» **WHAT YOU SHOULD DO**
Could you transcribe each entry below exactly, minus the images?

[DATA FOR REVIEW Boundary: Start]

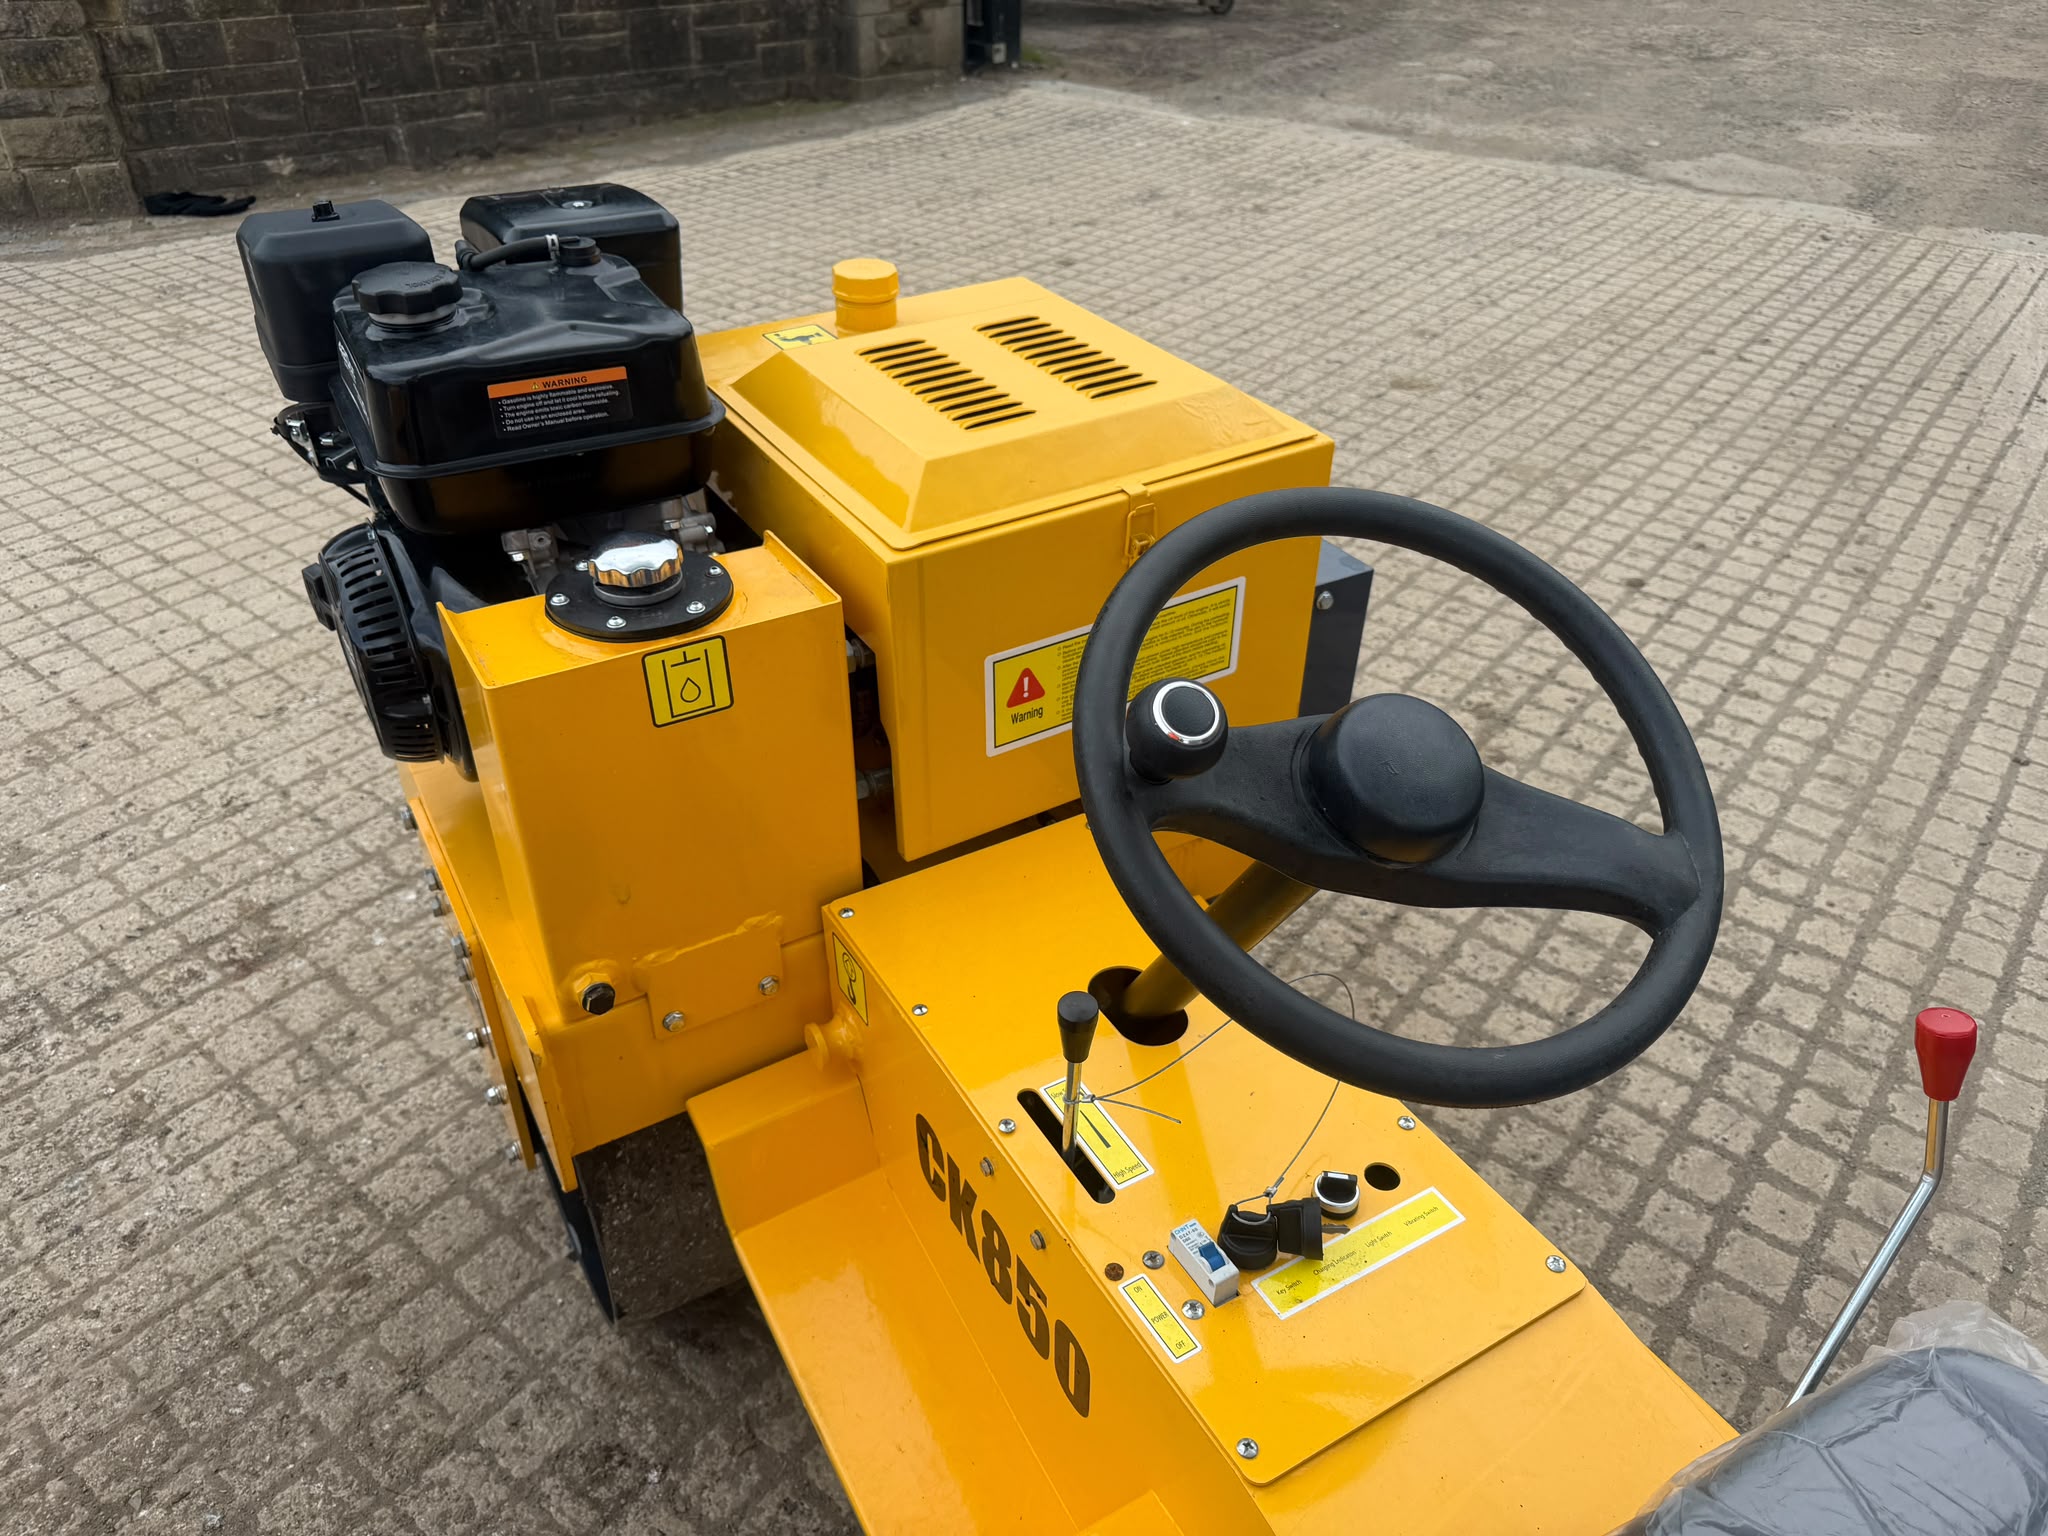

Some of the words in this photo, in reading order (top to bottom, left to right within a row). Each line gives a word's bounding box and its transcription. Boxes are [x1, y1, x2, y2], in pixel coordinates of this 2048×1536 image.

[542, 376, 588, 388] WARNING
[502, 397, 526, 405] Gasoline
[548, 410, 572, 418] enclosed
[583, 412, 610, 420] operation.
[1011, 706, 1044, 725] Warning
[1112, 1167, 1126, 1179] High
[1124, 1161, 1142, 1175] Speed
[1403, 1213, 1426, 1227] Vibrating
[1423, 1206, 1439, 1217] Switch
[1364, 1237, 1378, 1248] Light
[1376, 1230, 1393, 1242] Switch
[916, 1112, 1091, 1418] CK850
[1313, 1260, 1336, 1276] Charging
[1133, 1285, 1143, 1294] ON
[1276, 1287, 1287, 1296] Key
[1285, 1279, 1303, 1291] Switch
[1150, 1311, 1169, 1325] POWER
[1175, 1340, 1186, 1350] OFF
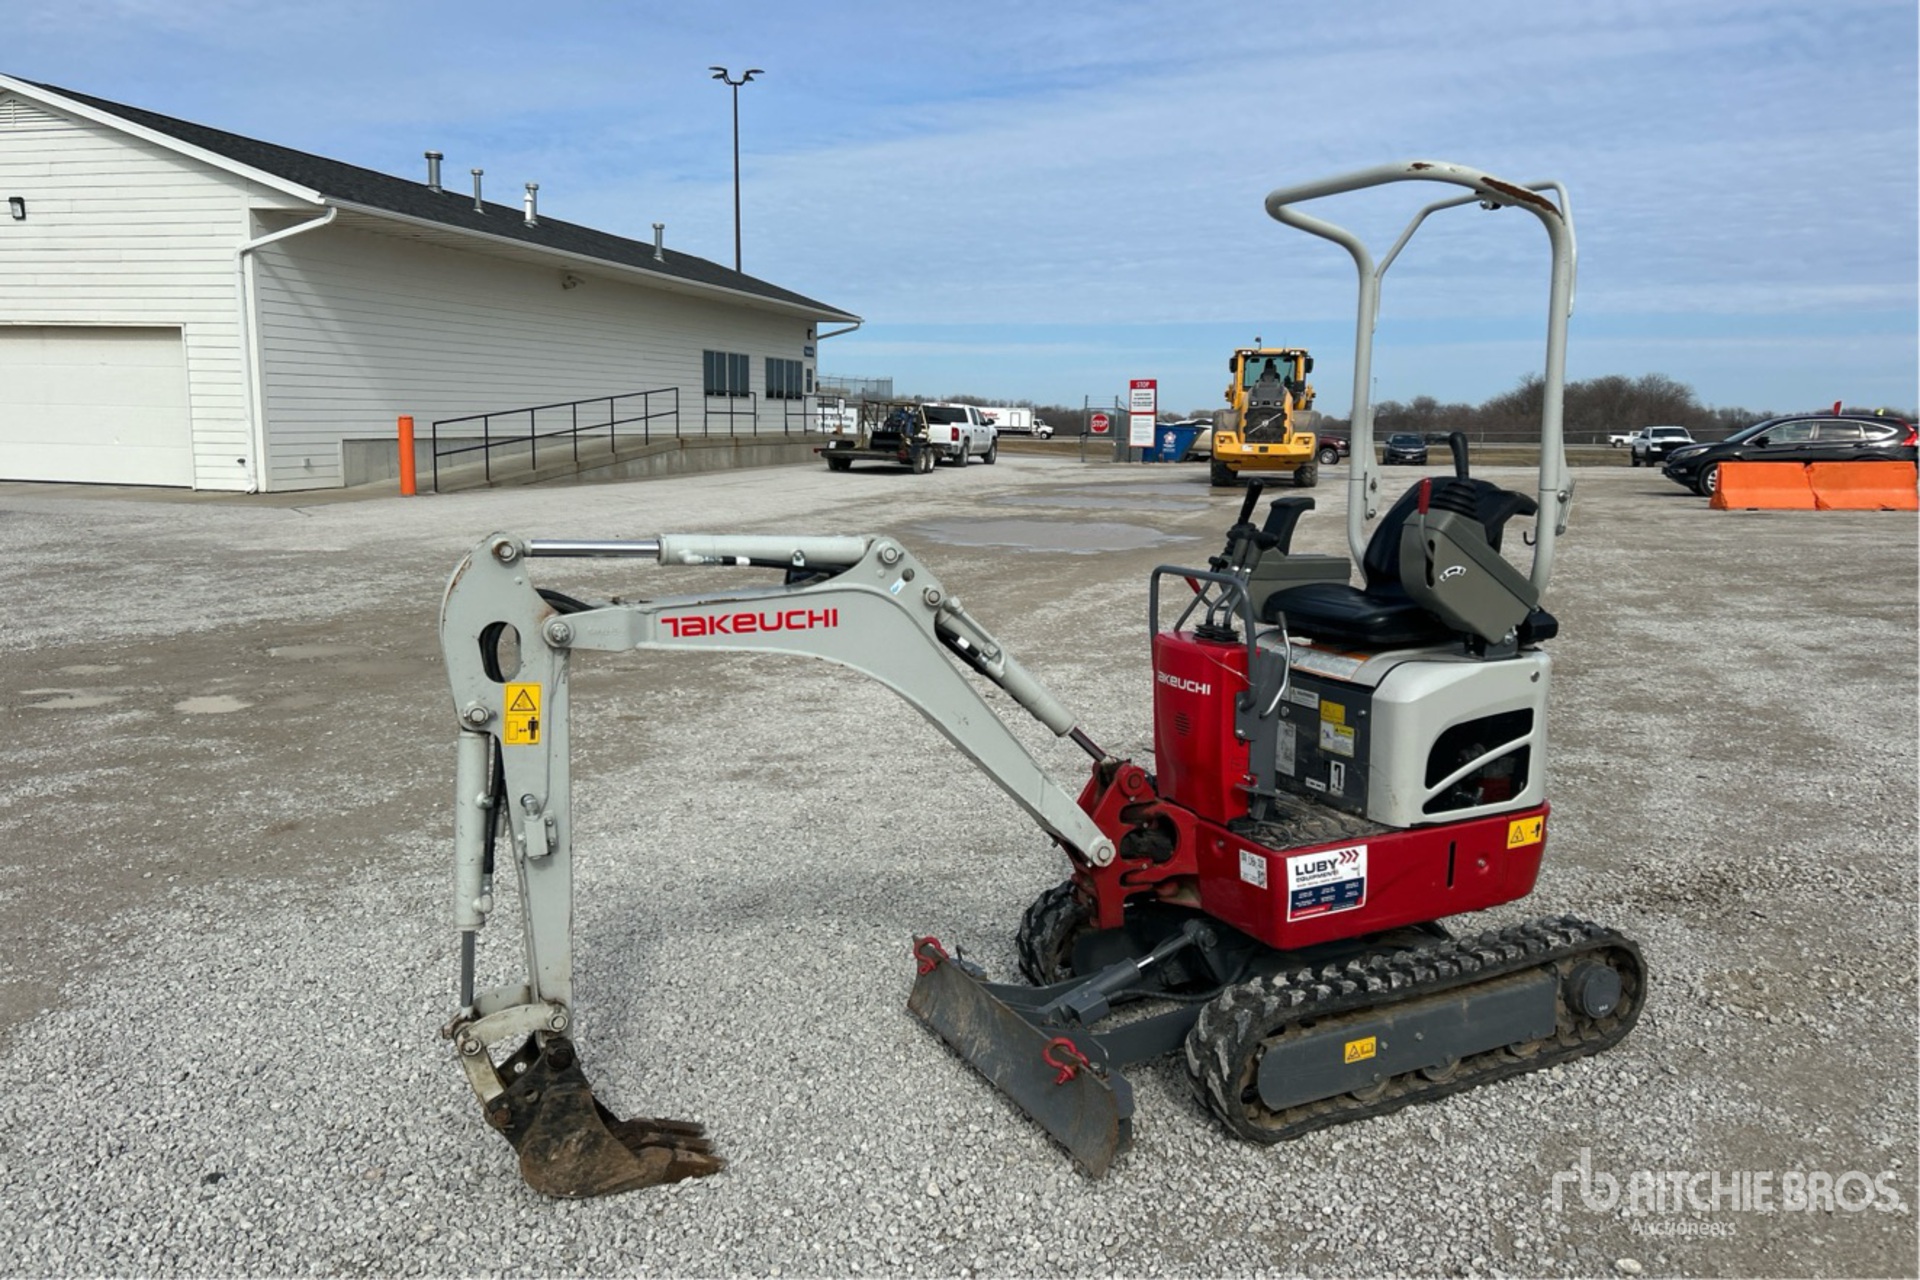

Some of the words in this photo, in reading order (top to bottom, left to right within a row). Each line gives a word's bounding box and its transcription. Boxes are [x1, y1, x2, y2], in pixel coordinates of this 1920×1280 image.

[DATA FOR REVIEW Boundary: End]

» **TASK SOLUTION**
Some of the words in this photo, in reading order (top to bottom, left to right within a row). Each line gives a word's bounding box and its transcription. Boxes are [x1, y1, x2, y2], in pixel coordinates of this 2048×1536 image.

[542, 376, 588, 388] WARNING
[502, 397, 526, 405] Gasoline
[548, 410, 572, 418] enclosed
[583, 412, 610, 420] operation.
[1011, 706, 1044, 725] Warning
[1112, 1167, 1126, 1179] High
[1124, 1161, 1142, 1175] Speed
[1403, 1213, 1426, 1227] Vibrating
[1423, 1206, 1439, 1217] Switch
[1364, 1237, 1378, 1248] Light
[1376, 1230, 1393, 1242] Switch
[916, 1112, 1091, 1418] CK850
[1313, 1260, 1336, 1276] Charging
[1133, 1285, 1143, 1294] ON
[1276, 1287, 1287, 1296] Key
[1285, 1279, 1303, 1291] Switch
[1150, 1311, 1169, 1325] POWER
[1175, 1340, 1186, 1350] OFF

Some of the words in this photo, in reading order (top to bottom, left to right within a row). Each line gives a word's bounding box and its transcription. Boxes are [x1, y1, x2, y2], in pixel coordinates of this 1920×1280 image.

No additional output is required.